Dataset records below:

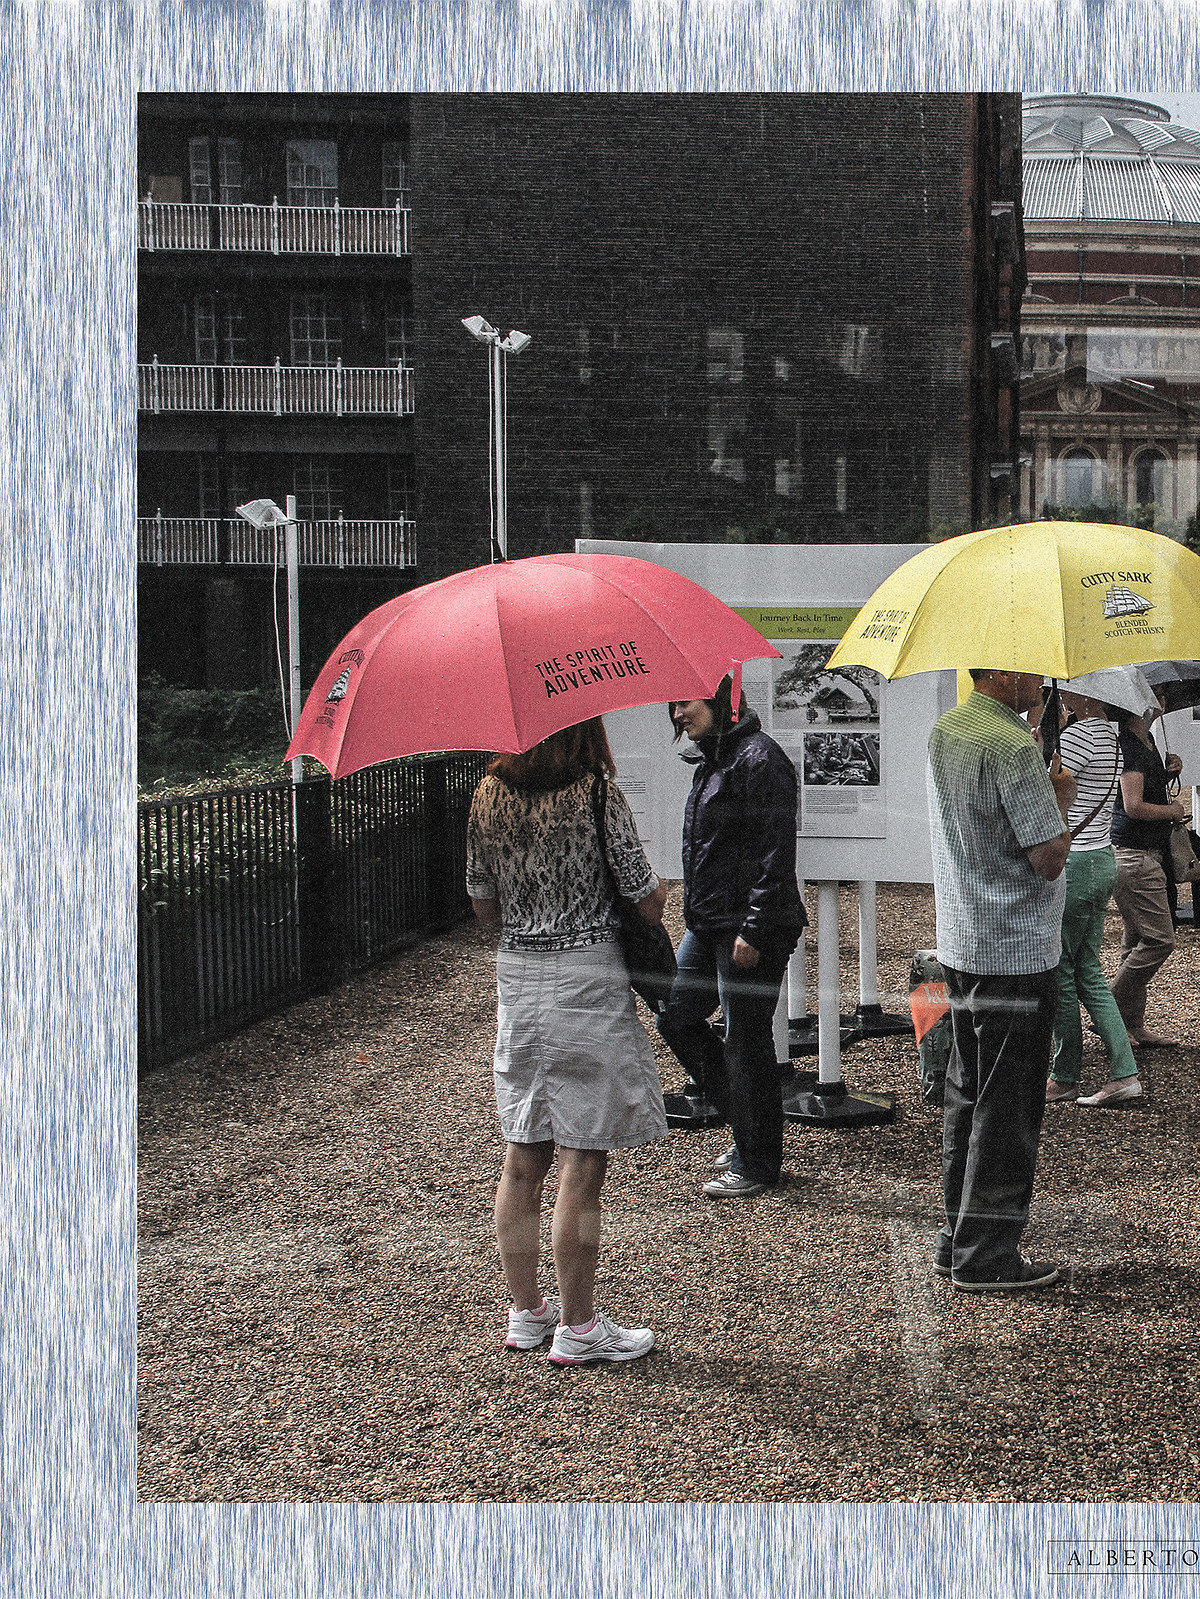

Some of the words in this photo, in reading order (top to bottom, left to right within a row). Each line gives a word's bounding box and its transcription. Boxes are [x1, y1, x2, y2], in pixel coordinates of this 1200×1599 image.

[1080, 572, 1116, 588] CUTTY
[1117, 571, 1152, 584] SARK
[759, 614, 790, 624] Journey
[792, 613, 812, 622] Back
[814, 614, 822, 622] In
[823, 614, 843, 622] Time
[1115, 619, 1149, 628] BLENDED
[1104, 628, 1134, 639] SCOTCH
[1134, 627, 1166, 635] WHISKY
[534, 658, 565, 678] THE
[566, 645, 616, 667] SPIRIT
[619, 641, 638, 656] OF
[544, 657, 651, 698] ADVENTURE
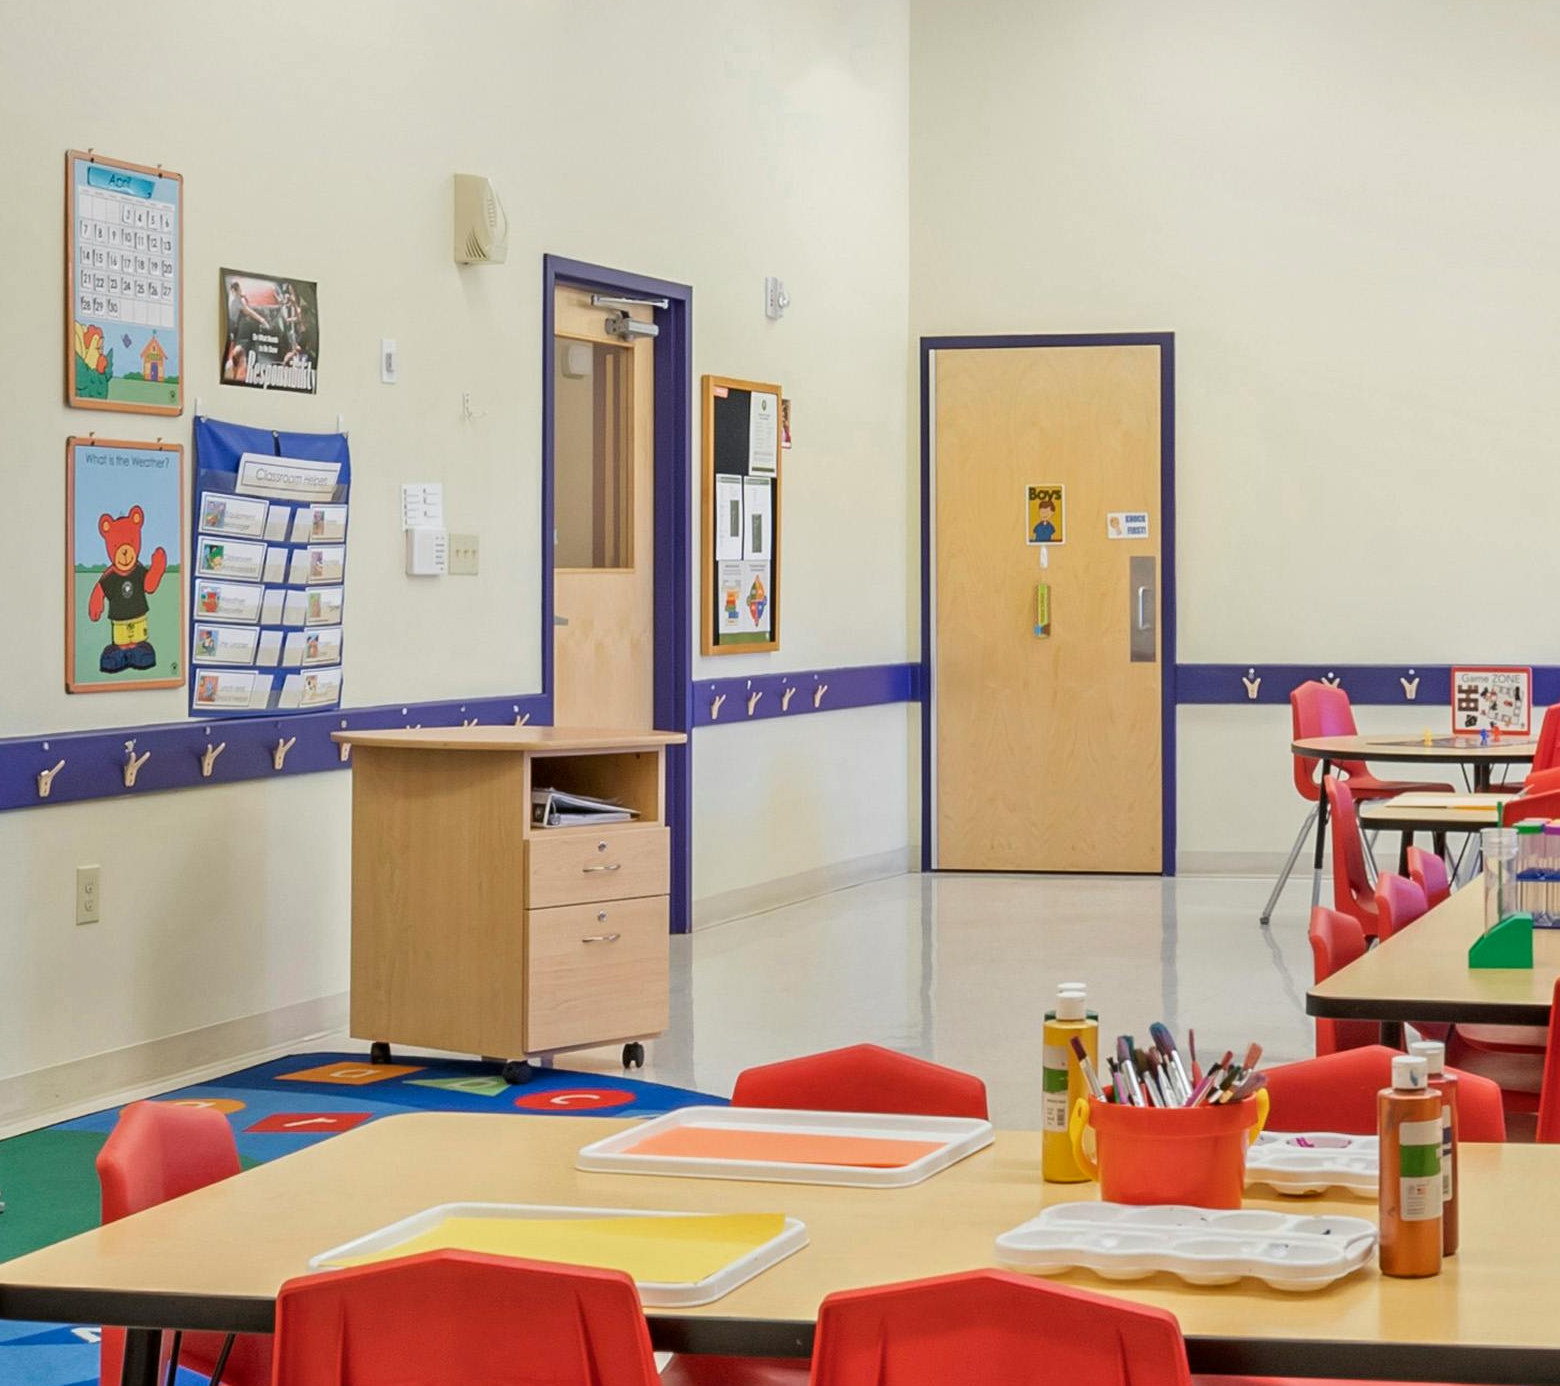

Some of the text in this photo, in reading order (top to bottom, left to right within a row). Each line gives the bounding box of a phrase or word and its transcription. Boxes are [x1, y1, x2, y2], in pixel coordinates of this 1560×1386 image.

[245, 350, 316, 394] Responsibility
[1028, 487, 1062, 502] Boys
[1462, 673, 1521, 683] Game ZONE
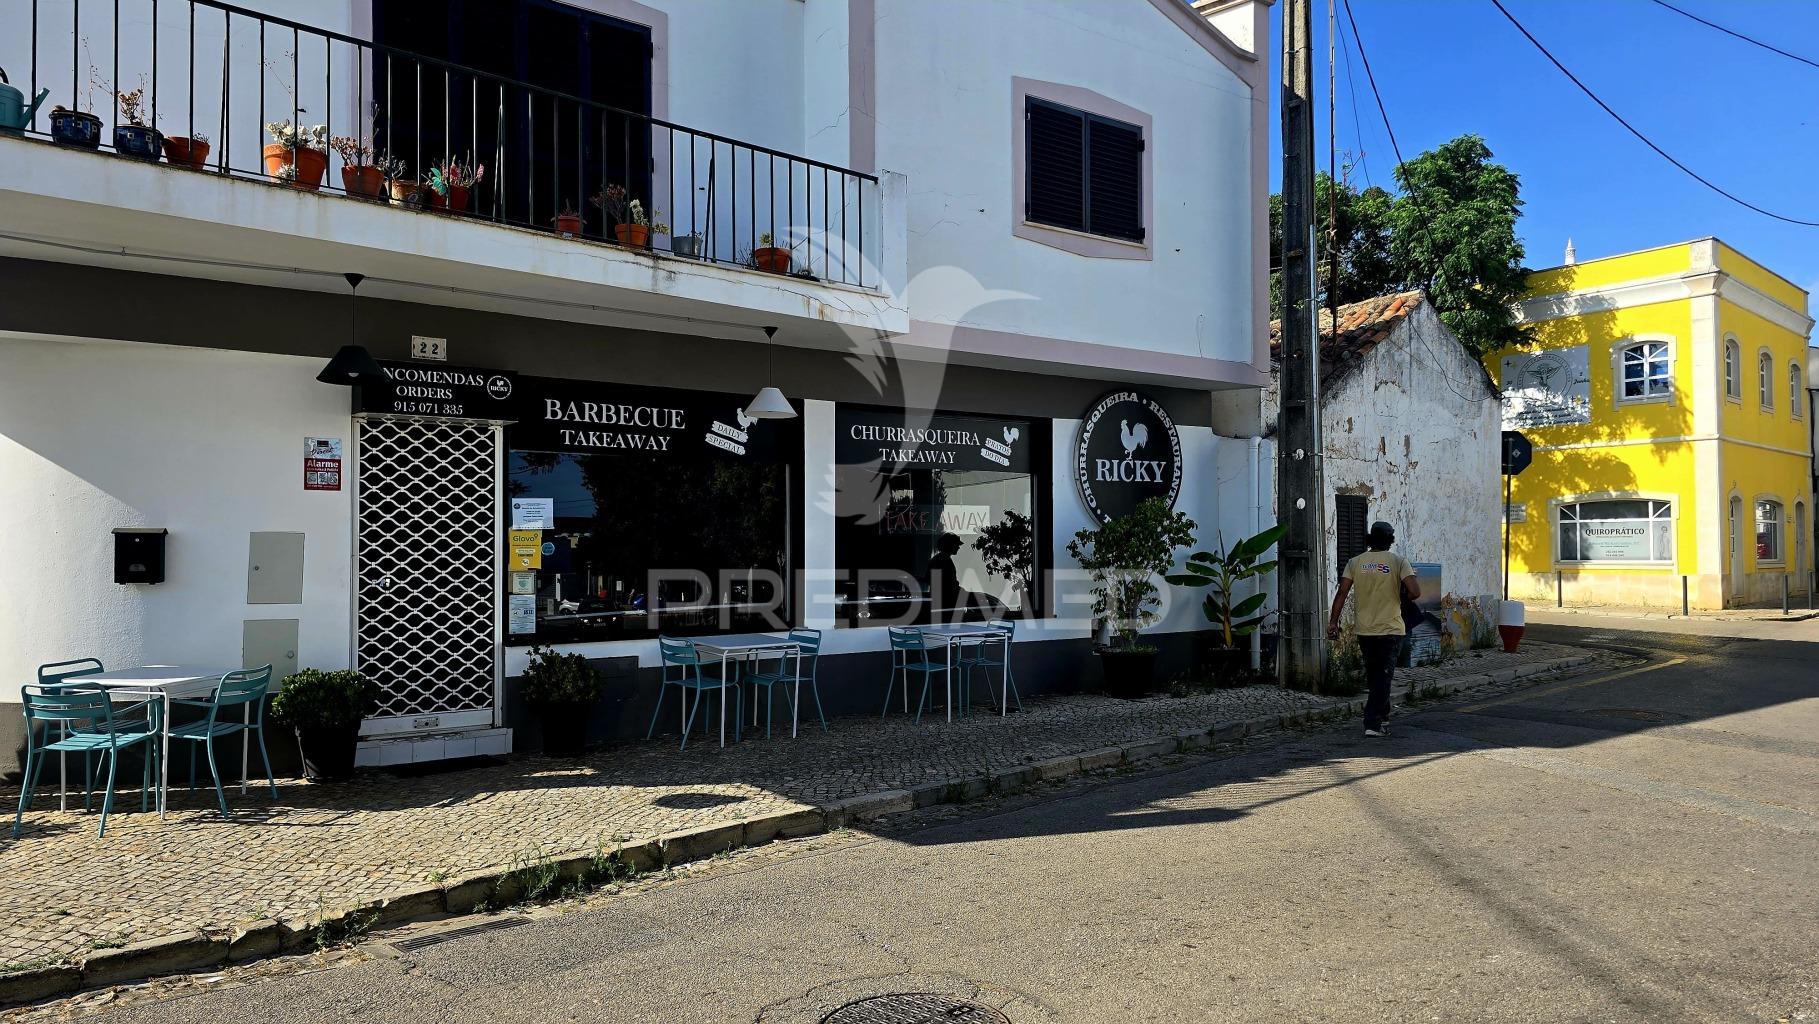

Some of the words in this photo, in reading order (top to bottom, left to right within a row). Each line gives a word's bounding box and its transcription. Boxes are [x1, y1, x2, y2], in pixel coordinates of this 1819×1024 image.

End of Dataset records.

Could you restate every record above word for word, dropping the pictures?

Some of the words in this photo, in reading order (top to bottom, left to right within a row). Each line gives a word's bounding box and its transcription. Boxes are [x1, y1, x2, y2], in pixel coordinates of this 1200×1599 image.

[1080, 572, 1116, 588] CUTTY
[1117, 571, 1152, 584] SARK
[759, 614, 790, 624] Journey
[792, 613, 812, 622] Back
[814, 614, 822, 622] In
[823, 614, 843, 622] Time
[1115, 619, 1149, 628] BLENDED
[1104, 628, 1134, 639] SCOTCH
[1134, 627, 1166, 635] WHISKY
[534, 658, 565, 678] THE
[566, 645, 616, 667] SPIRIT
[619, 641, 638, 656] OF
[544, 657, 651, 698] ADVENTURE

Some of the text in this photo, in reading order (top to bottom, left to right within a row). Each line gives the bounding box of a phrase or word and its transcription. Boxes are [x1, y1, x2, y2], in pixel coordinates of this 1560×1386 image.

[245, 350, 316, 394] Responsibility
[1028, 487, 1062, 502] Boys
[1462, 673, 1521, 683] Game ZONE

Some of the words in this photo, in reading order (top to bottom, left to right within a row). Each line gives a word's bounding box and its transcription. Boxes are [x1, y1, x2, y2], in pixel coordinates of this 1819×1024 image.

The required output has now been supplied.